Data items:
/---

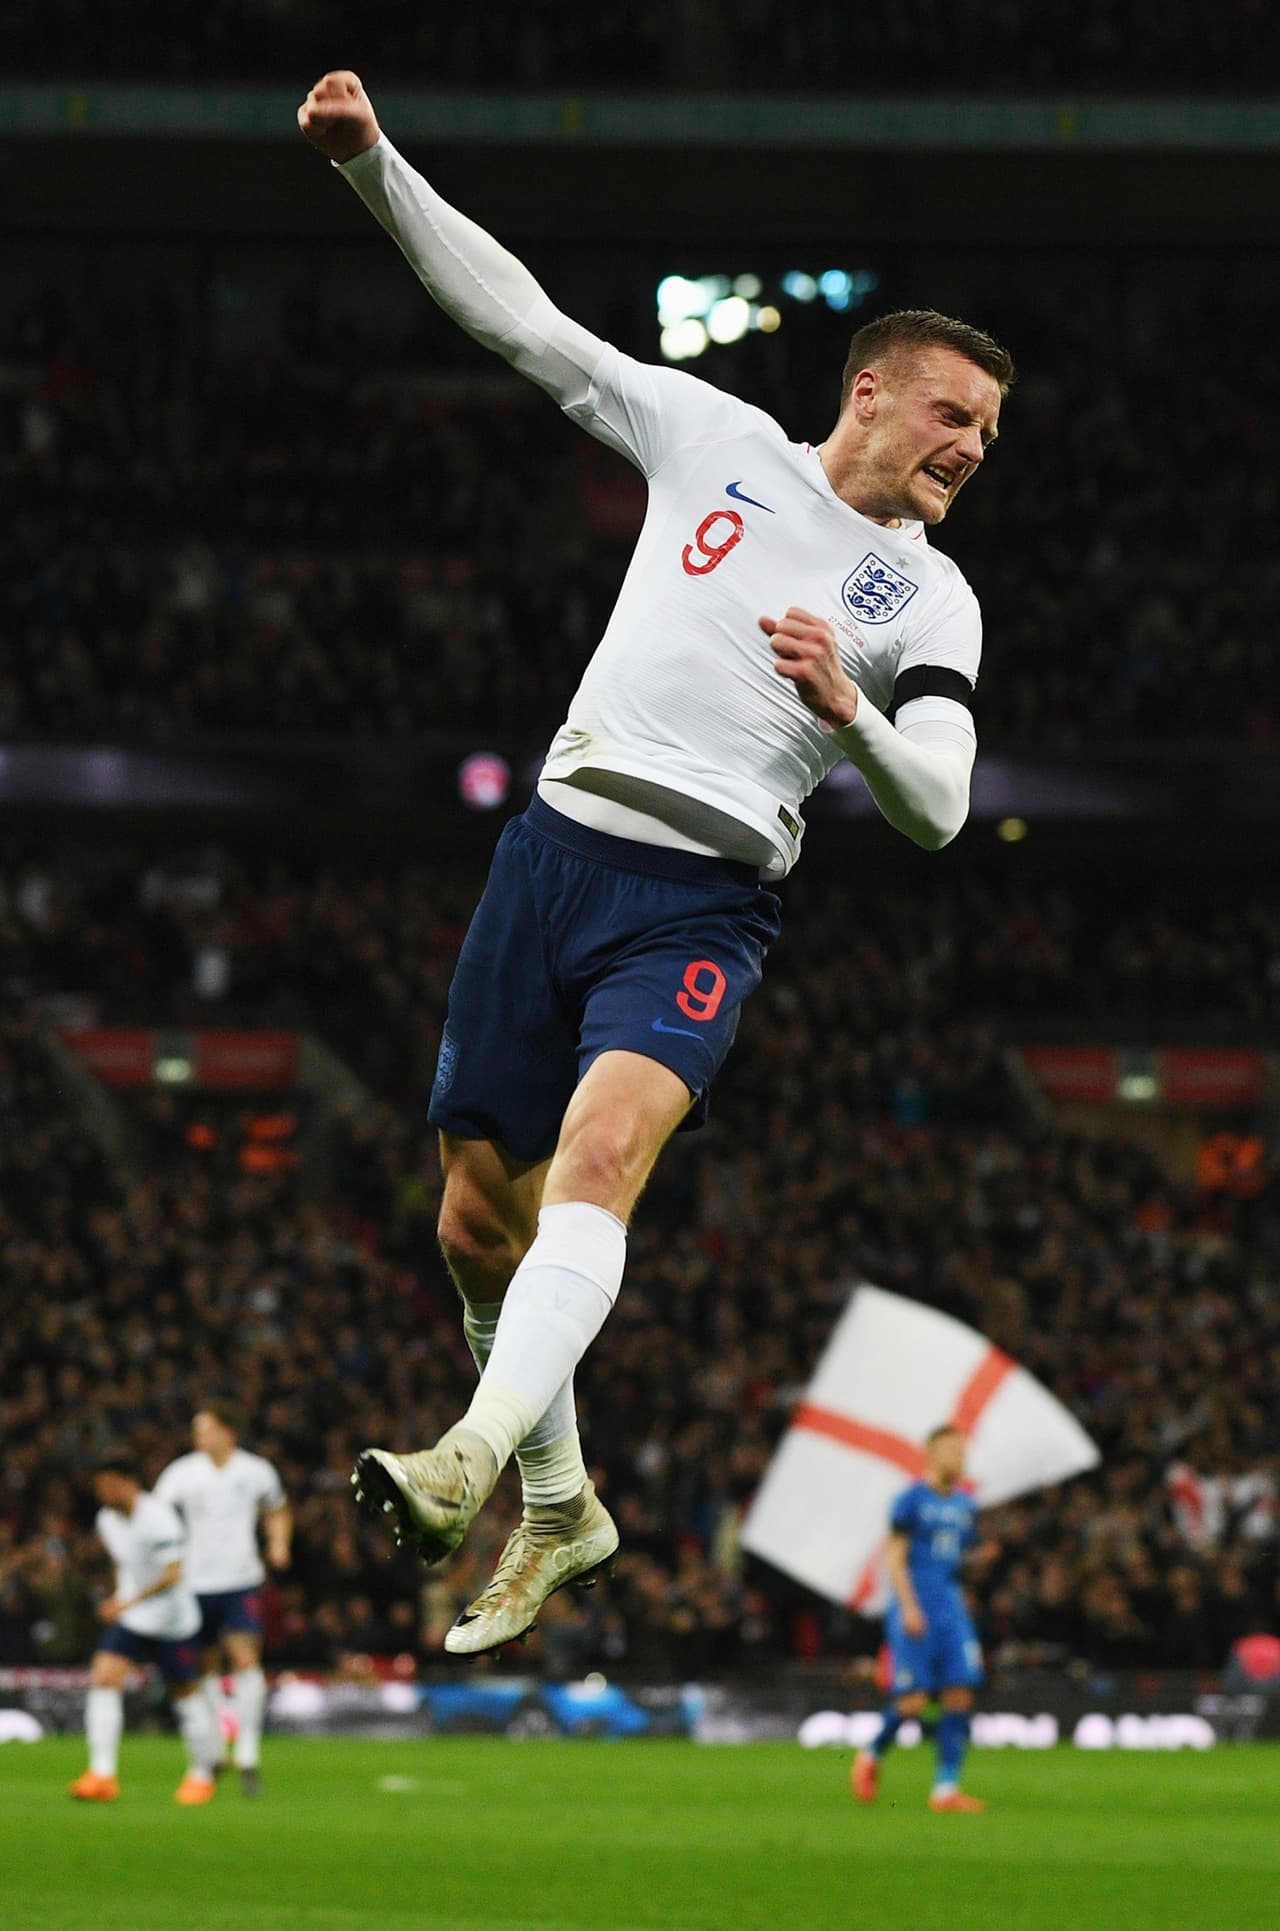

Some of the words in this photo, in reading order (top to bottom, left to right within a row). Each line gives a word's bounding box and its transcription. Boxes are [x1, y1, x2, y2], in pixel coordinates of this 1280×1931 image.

[682, 510, 744, 576] 9
[836, 621, 855, 638] MARCH
[676, 960, 727, 1021] 9
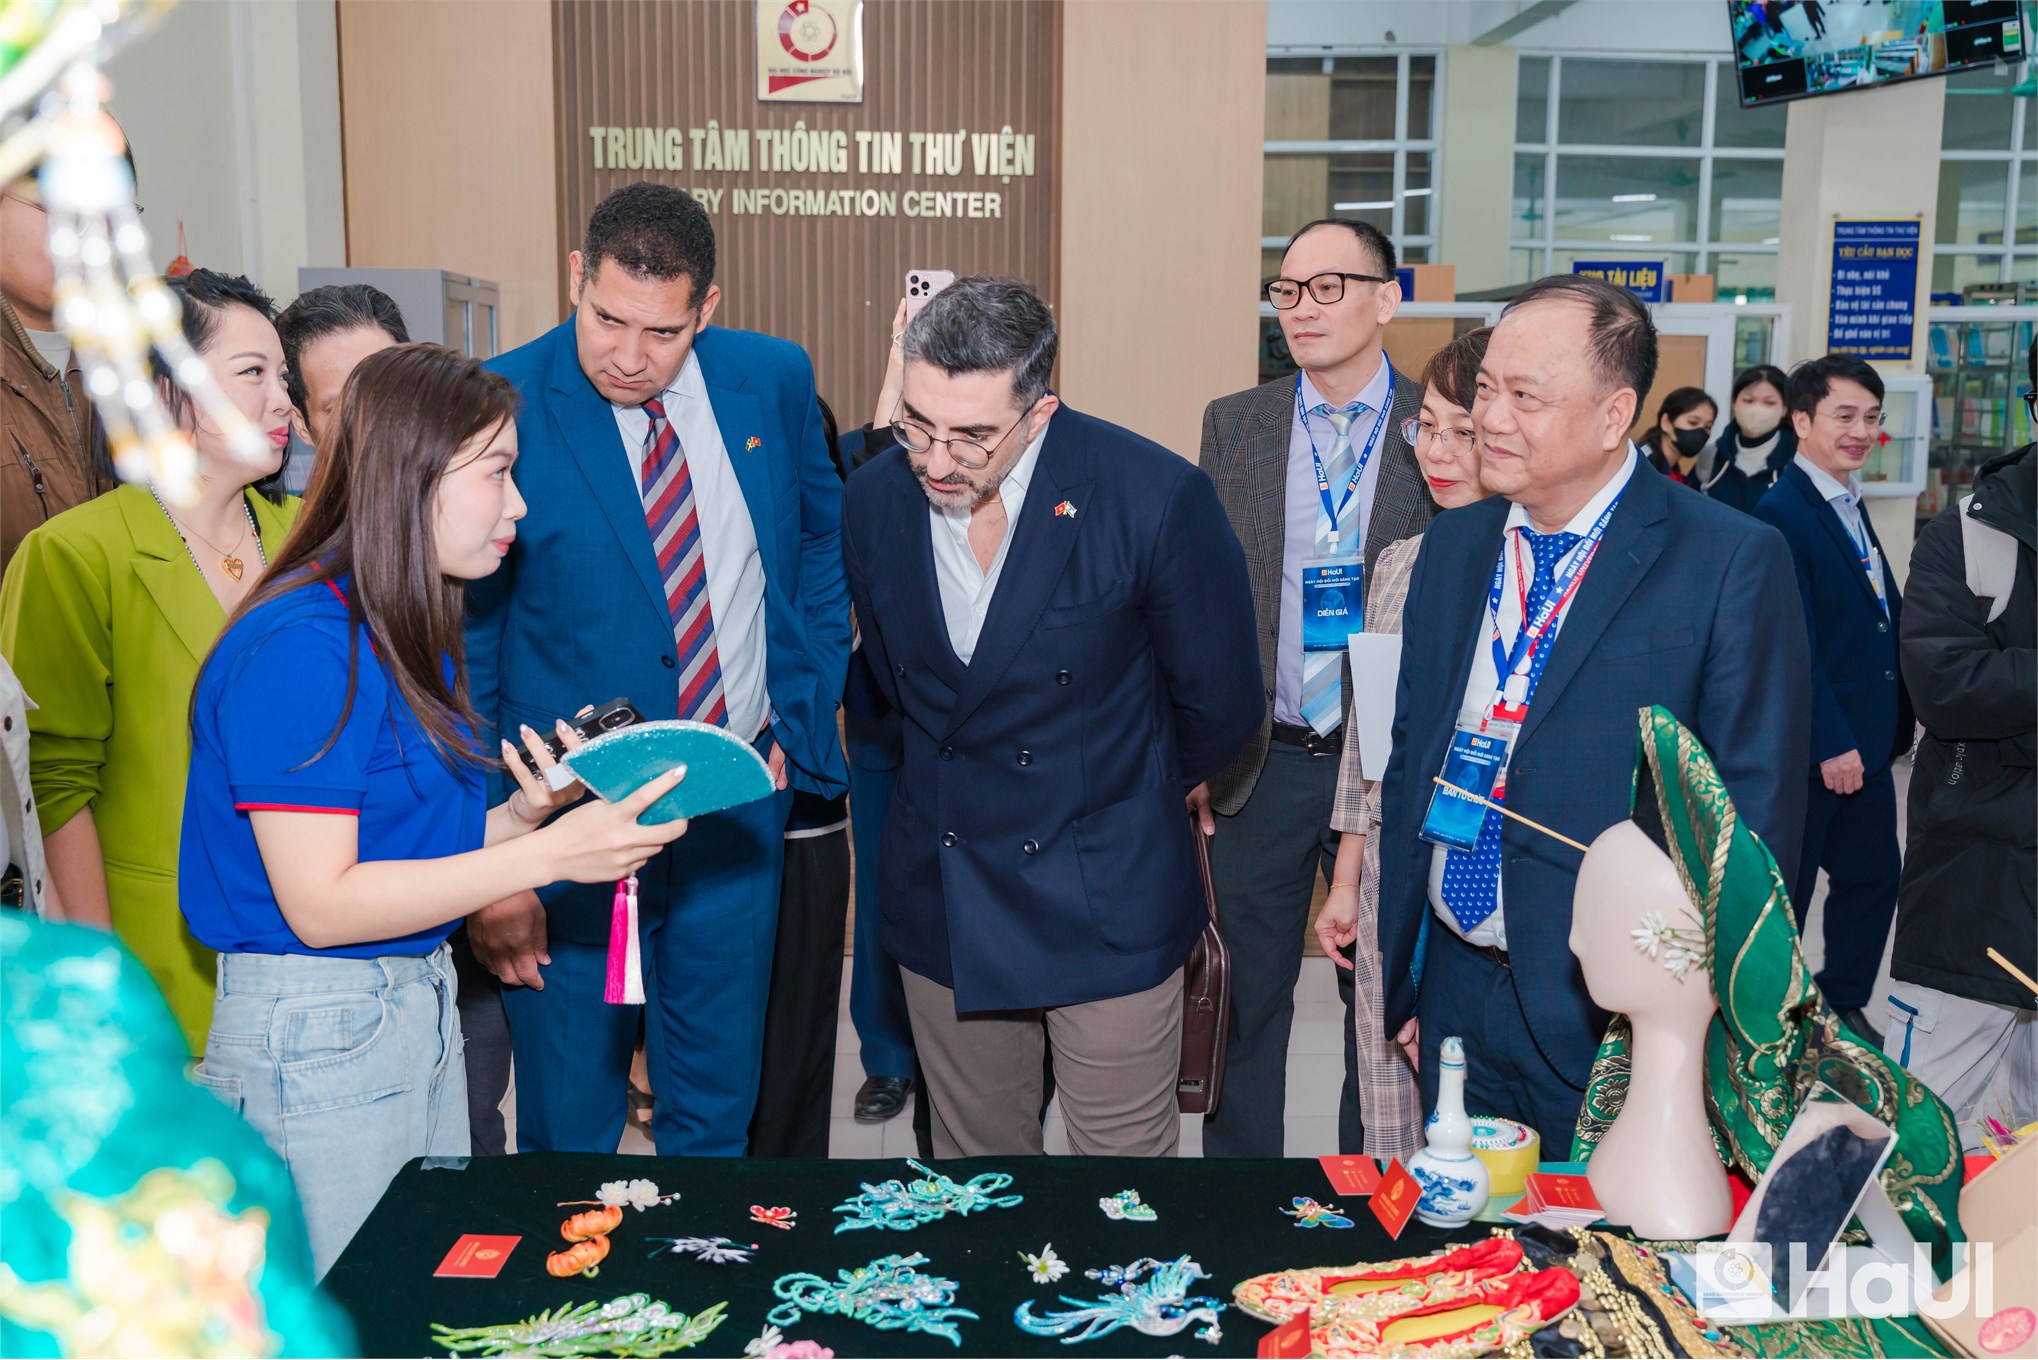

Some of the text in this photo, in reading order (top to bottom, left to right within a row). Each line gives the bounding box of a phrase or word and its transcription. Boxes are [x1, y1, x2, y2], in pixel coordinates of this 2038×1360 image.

[589, 119, 1035, 184] TRUNG TÂM THÔNG TIN THƯ VIỆN
[732, 188, 896, 217] INFORMATION
[902, 190, 1002, 218] CENTER
[1629, 267, 1656, 290] LIỆU
[1316, 462, 1326, 481] HaUI
[1352, 463, 1363, 483] HaUI
[1533, 600, 1556, 627] HaUI
[1566, 561, 1580, 579] NGÀY
[1576, 550, 1586, 562] HỘI
[1583, 538, 1594, 551] ĐỔI
[1590, 526, 1602, 539] MỚI
[1477, 739, 1491, 749] HaUI
[1948, 742, 1966, 785] xploration
[1442, 786, 1457, 797] BAN

\---

__WHAT THE TASK ASKS__
Write every line above again exactly, but leave the pictures out.

__RESPONSE BOX__
Some of the words in this photo, in reading order (top to bottom, left to right within a row). Each line gives a word's bounding box and its transcription. Boxes are [x1, y1, x2, y2], in pixel coordinates of this 1280×1931 image.

[682, 510, 744, 576] 9
[836, 621, 855, 638] MARCH
[676, 960, 727, 1021] 9

Some of the text in this photo, in reading order (top to bottom, left to right within a row). Each line gives the bounding box of a phrase or word and its transcription. Boxes are [x1, y1, x2, y2], in pixel coordinates of this 2038×1360 image.

[589, 119, 1035, 184] TRUNG TÂM THÔNG TIN THƯ VIỆN
[732, 188, 896, 217] INFORMATION
[902, 190, 1002, 218] CENTER
[1629, 267, 1656, 290] LIỆU
[1316, 462, 1326, 481] HaUI
[1352, 463, 1363, 483] HaUI
[1533, 600, 1556, 627] HaUI
[1566, 561, 1580, 579] NGÀY
[1576, 550, 1586, 562] HỘI
[1583, 538, 1594, 551] ĐỔI
[1590, 526, 1602, 539] MỚI
[1477, 739, 1491, 749] HaUI
[1948, 742, 1966, 785] xploration
[1442, 786, 1457, 797] BAN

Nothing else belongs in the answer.